Chapter 18: Biopsychology of Psychiatric Disorders
Schizophrenia
Characterized by hallucinations, delusions, and disorganized thinking. Subtypes:
Paranoid: Dominated by strong delusions or hallucinations.
Catatonic: Marked by severe movement disturbances.
Disorganized: Involves incoherent speech and chaotic behavior.
Positive Symptoms: Such as hallucinations or delusions that add experiences.
Negative Symptoms: Absences in normal functionality like reduced speech, emotions, or motivation.
Causal Factors of Schizophrenia
Influential factors include genetics, prenatal stress, early brain damage, substance use, and various environmental stressors.
Dopamine Theory of Schizophrenia
Theory: Excessive dopamine activity is thought to precipitate the symptoms.
Supporting Evidence:
Antipsychotic medications that block dopamine receptors alleviate symptoms.
Substances increasing dopamine (like amphetamines) can induce similar symptoms.
Contradictions: Not all patients respond to dopamine blockers, and some symptoms take time to subside even with treatment.
Brain Changes Associated with Schizophrenia
Key findings include enlarged ventricles, reduced sizes of the hippocampus, amygdala, and thalamus, alongside reduced frontal lobe activity (hypofrontality).
Neurological differences can be identified before symptoms manifest.
Depression vs. Bipolar Disorder
Major Depression: Characterized by persistent sorrow, diminished energy, and disinterest.
Bipolar Disorder: Characterized by alternating episodes of depression and mania.
Reactive Depression: Linked to specific life events.
Endogenous Depression: Not specifically associated with external events.
Causal Factors for Depression
Factors involve genetics, childhood trauma, neurotransmitter dysfunction, and chronic stress.
Monoamine Theory of Depression
Suggests that depression is a result of low levels of neurotransmitters like serotonin and norepinephrine.
Supporting Evidence: Antidepressants elevate monoamine levels and are effective in reducing symptoms.
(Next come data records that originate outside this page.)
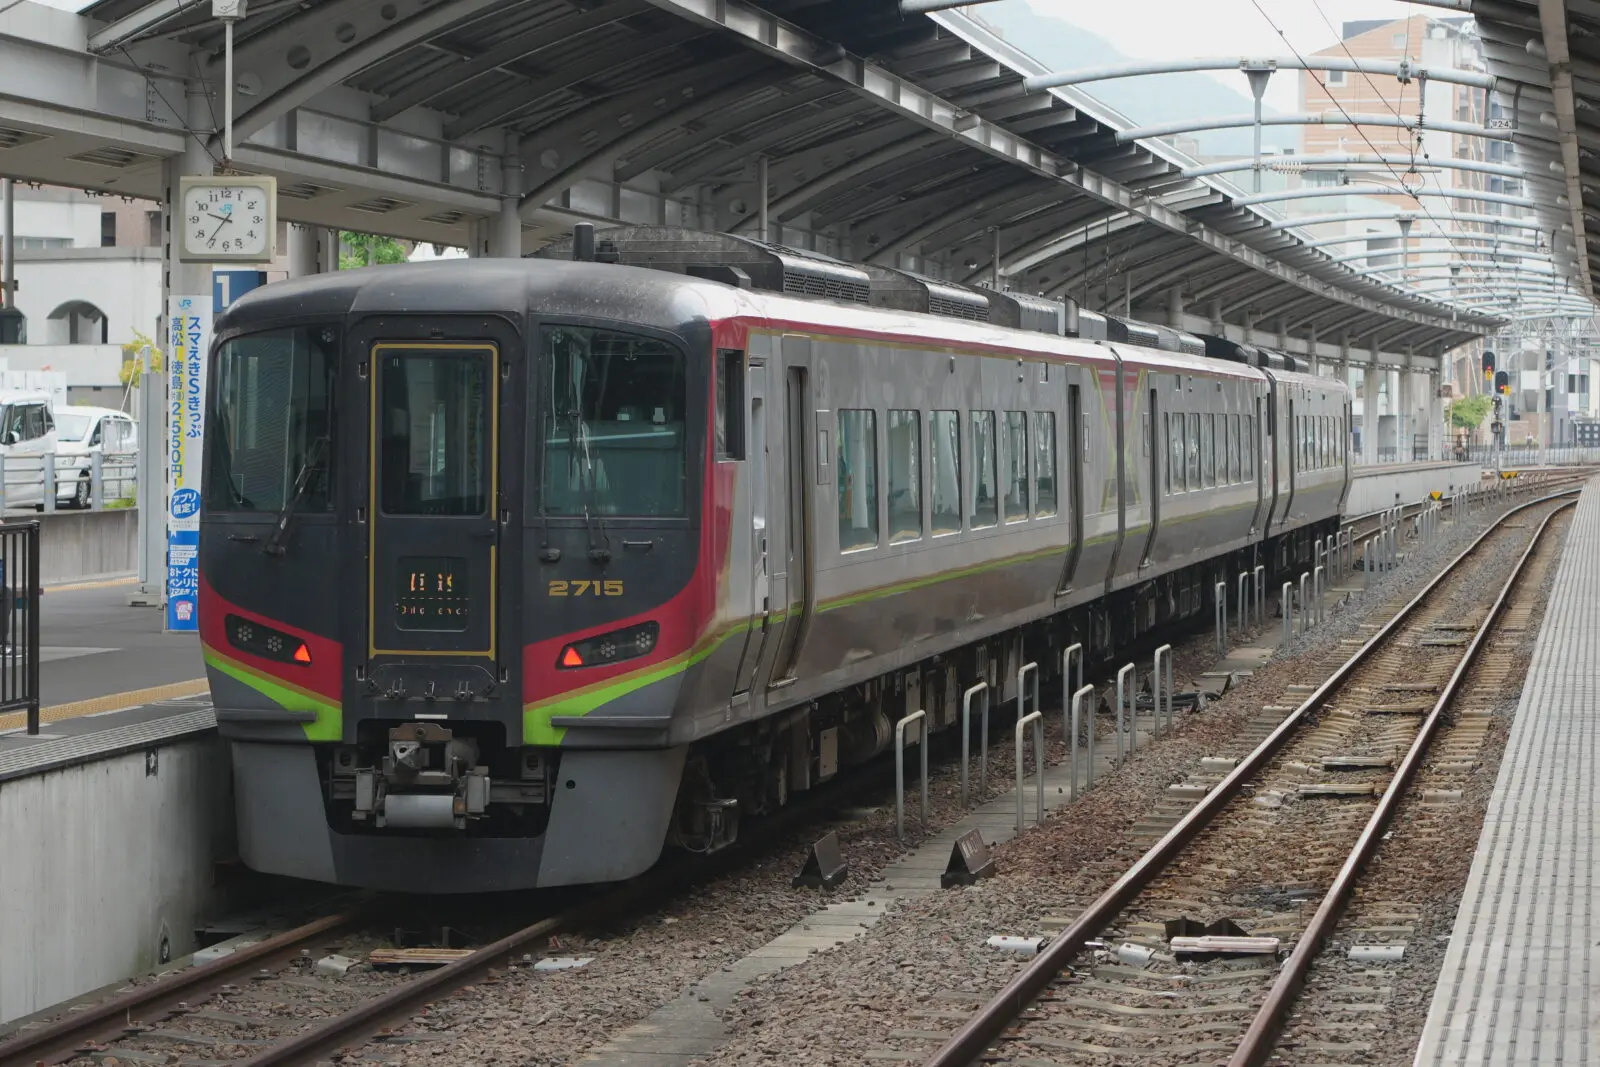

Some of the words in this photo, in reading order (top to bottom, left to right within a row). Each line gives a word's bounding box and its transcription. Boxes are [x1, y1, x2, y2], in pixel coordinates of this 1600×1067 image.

[209, 194, 218, 202] 11
[221, 190, 232, 198] 12
[236, 193, 241, 201] 1
[198, 203, 208, 211] 10
[218, 204, 233, 214] JR
[247, 202, 255, 210] 2
[191, 215, 200, 224] 9
[253, 215, 260, 224] 3
[197, 230, 205, 238] 8
[247, 230, 254, 238] 4
[209, 238, 216, 247] 7
[222, 241, 230, 249] 6
[235, 238, 242, 247] 5
[216, 275, 230, 307] 1
[178, 299, 192, 309] JR
[186, 316, 202, 438] スマえきSきっぷ
[173, 492, 197, 505] アプリ
[174, 502, 196, 515] 限定!
[548, 580, 624, 596] 2715
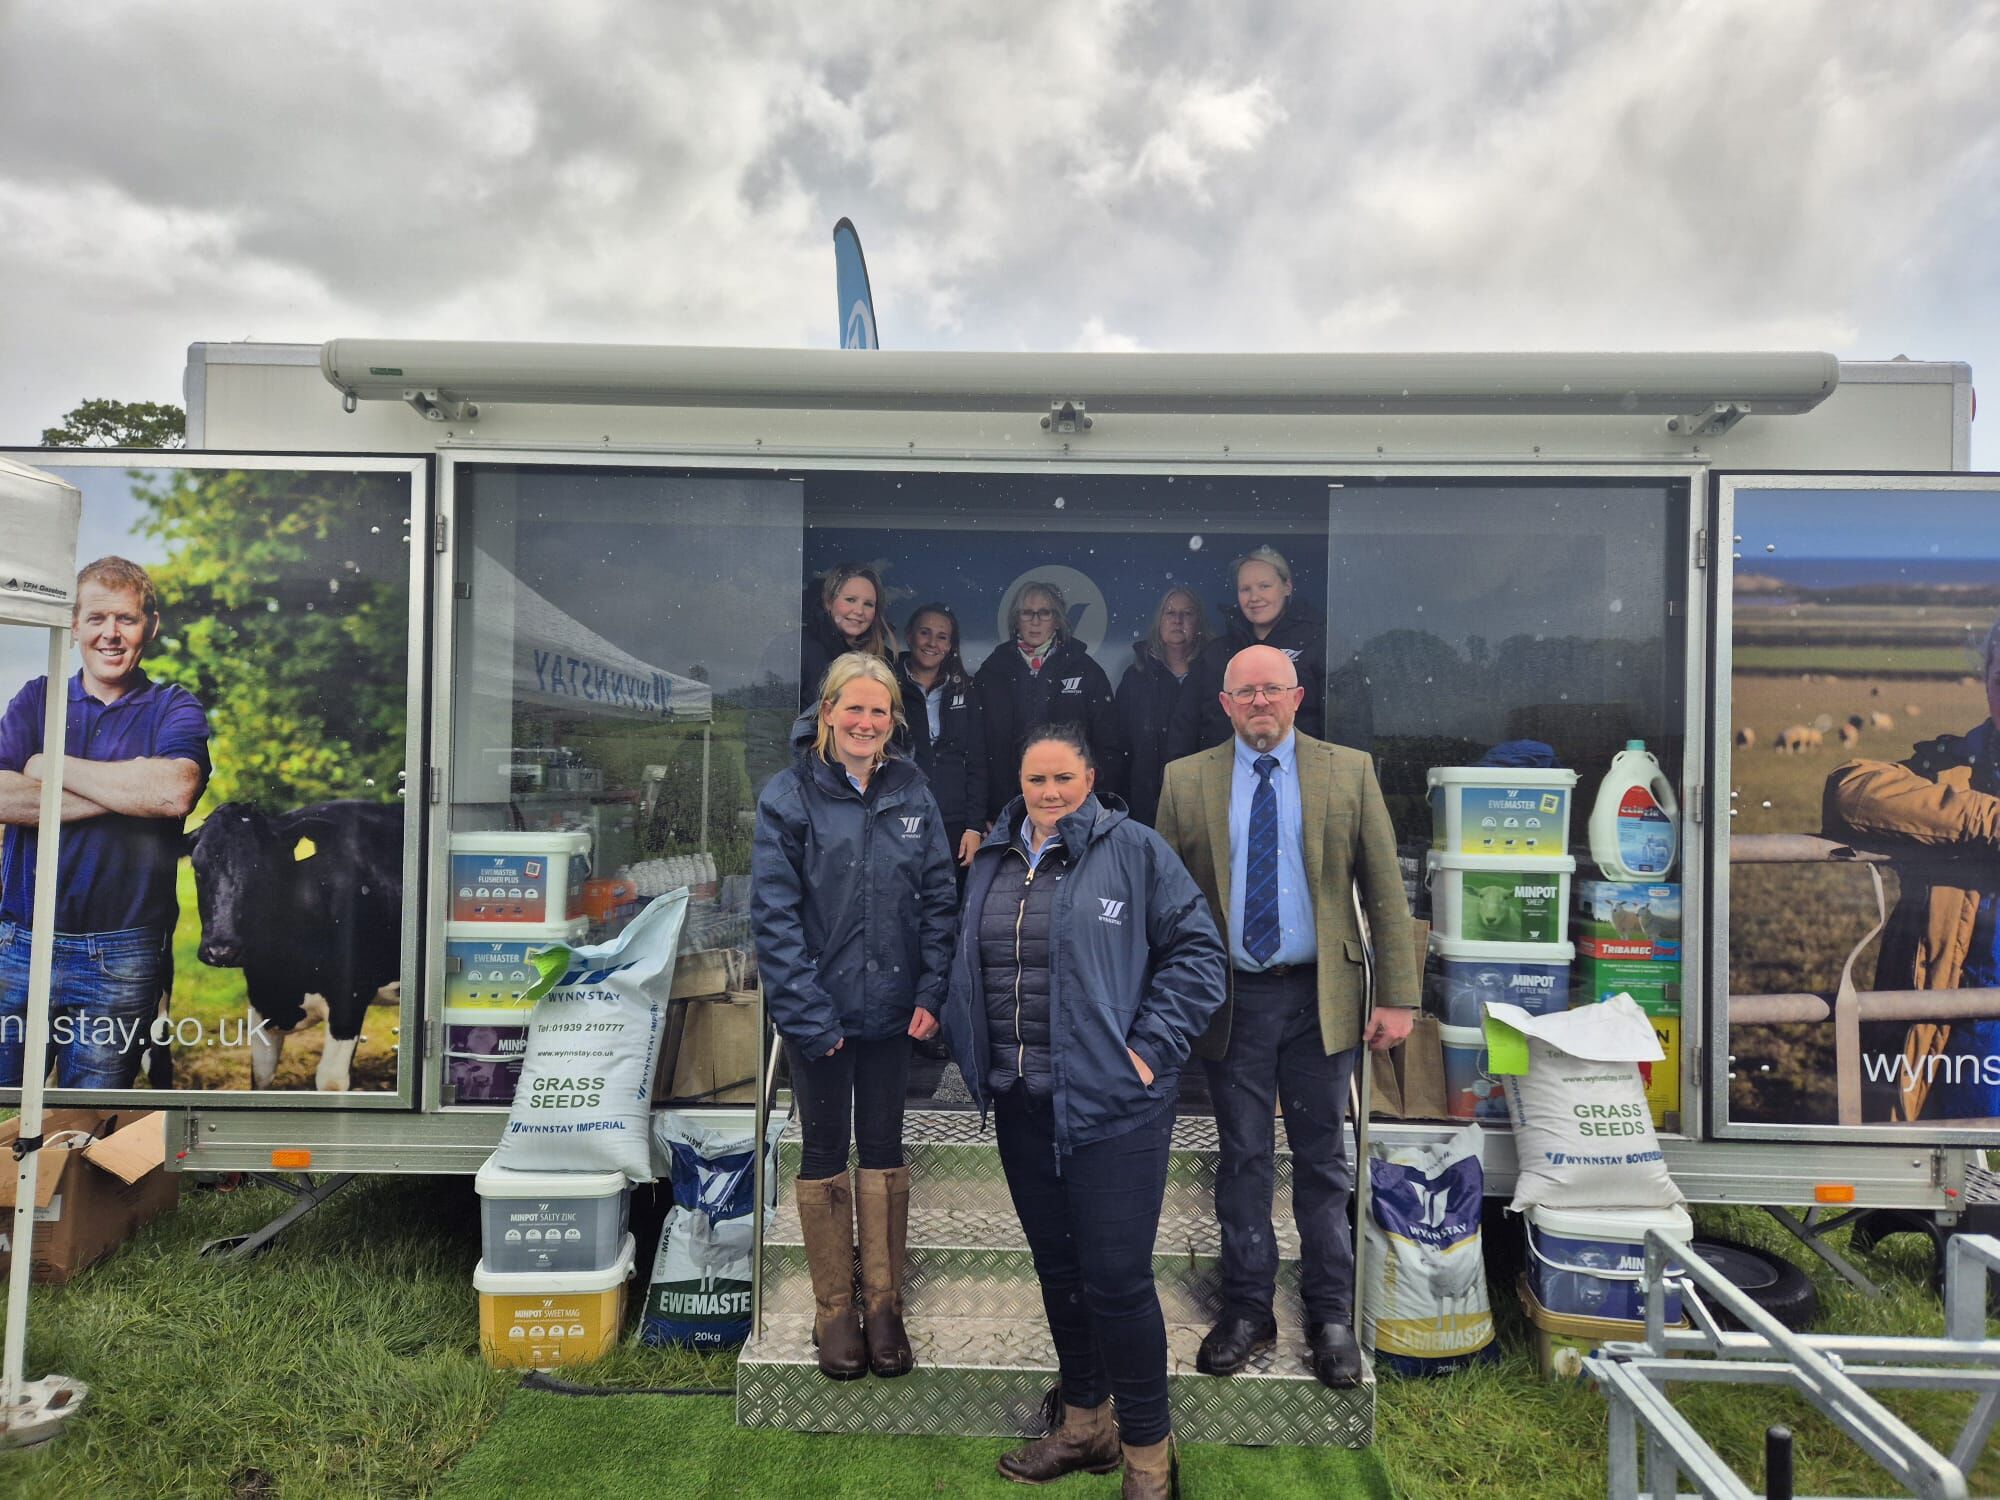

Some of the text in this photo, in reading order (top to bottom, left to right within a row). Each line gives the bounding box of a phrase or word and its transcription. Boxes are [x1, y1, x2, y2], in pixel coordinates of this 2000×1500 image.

[1488, 800, 1536, 810] EWEMASTER
[1514, 886, 1557, 899] MINPOT
[474, 954, 519, 963] EWEMASTER
[1509, 975, 1556, 988] MINPOT
[548, 991, 621, 1003] WYNNSTAY
[0, 1008, 272, 1055] nstay.co.uk
[585, 1023, 625, 1032] 210777
[498, 1039, 528, 1052] MINP
[537, 1049, 614, 1058] www.wynnstay.co.uk
[532, 1077, 606, 1091] GRASS
[530, 1094, 601, 1109] SEEDS
[1573, 1104, 1643, 1119] GRASS
[521, 1121, 626, 1134] WYNNSTAY IMPERIAL
[1579, 1121, 1646, 1137] SEEDS
[1566, 1155, 1623, 1165] WYNNSTAY
[510, 1213, 577, 1222] MINPOT SALTY ZINC
[1617, 1256, 1645, 1271] MIN
[660, 1290, 753, 1315] EWEMASTE
[515, 1310, 542, 1318] MINPOT
[544, 1309, 565, 1318] SWEET
[694, 1331, 721, 1343] 20kg
Contradictory Findings: Drug effects are rapid yet mood improvements are gradual; not all depressed individuals exhibit low monoamine levels.
Neuroplasticity Theory
Proposes that depression results from reduced brain plasticity, which antidepressants may help restore.
Treatment of Depression
Common treatments include SSRIs (e.g., Prozac), SNRIs, MAO inhibitors, and tricyclics. Research suggests normalization in activity in brain regions such as the prefrontal cortex and hippocampus with antidepressant use.
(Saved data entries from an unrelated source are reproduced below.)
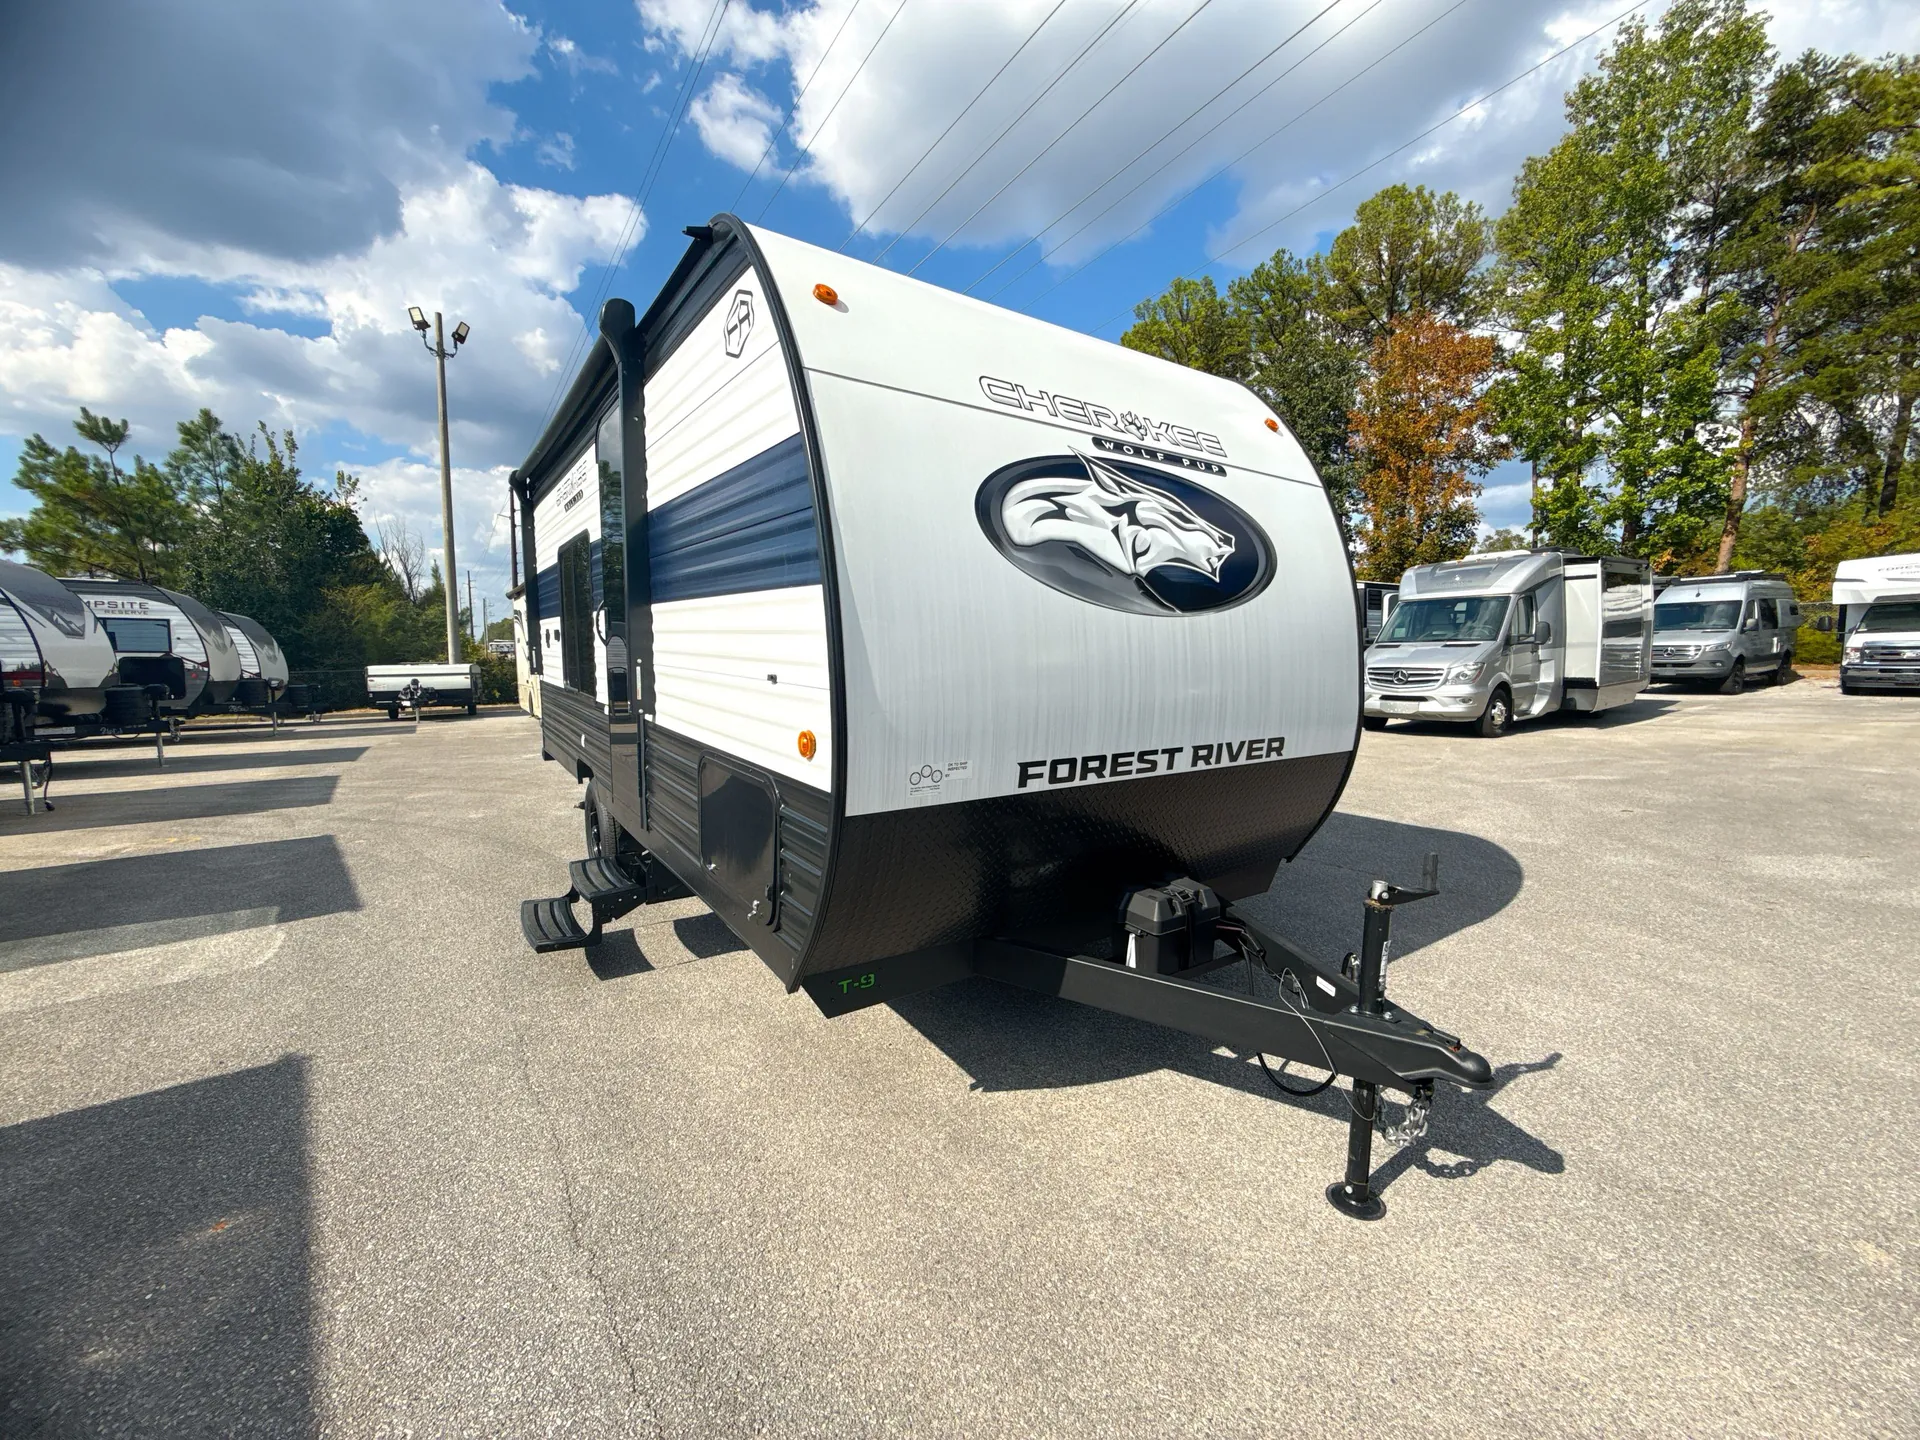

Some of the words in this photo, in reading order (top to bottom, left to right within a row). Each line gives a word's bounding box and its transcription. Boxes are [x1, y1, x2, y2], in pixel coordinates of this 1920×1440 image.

[1101, 440, 1165, 462] WOLF
[1183, 458, 1220, 473] PUP
[1017, 746, 1184, 789] FOREST
[1190, 736, 1285, 768] RIVER
[837, 973, 876, 995] T-9
Hypomania vs. Mania; Bipolar I vs. Bipolar II
Hypomania: Lesser form of mania, characterized by milder and shorter episodes.
Mania: Marked by extreme energy, high-risk behaviors, and euphoria.
Bipolar I: Involves full manic episodes.
Bipolar II: Characterized by hypomania and depressive episodes without full mania.
Anxiety Disorders
Categories include Generalized Anxiety Disorder, Panic Disorder, Phobias, PTSD, and OCD, all defined by excessive fear or worry alongside behavioral symptoms.
Neural Basis of Anxiety: Involves the amygdala, which plays a central role in fear responses, along with contributions from the prefrontal cortex and hippocampus. Imaging studies typically reveal heightened activity in fear circuits.
Tourette’s Syndrome
Identified by tics (sudden movements or sounds), linked to issues in the basal ganglia and frontal cortex, possibly connected to dopamine imbalances.
Non-Drug Treatments for Disorders
Include Cognitive Behavioral Therapy (CBT), exercise, mindfulness, meditation, Electroconvulsive Therapy (ECT) for severe cases, Transcranial Magnetic Stimulation (TMS), and lifestyle adjustments focusing on sleep, social support, and nutrition.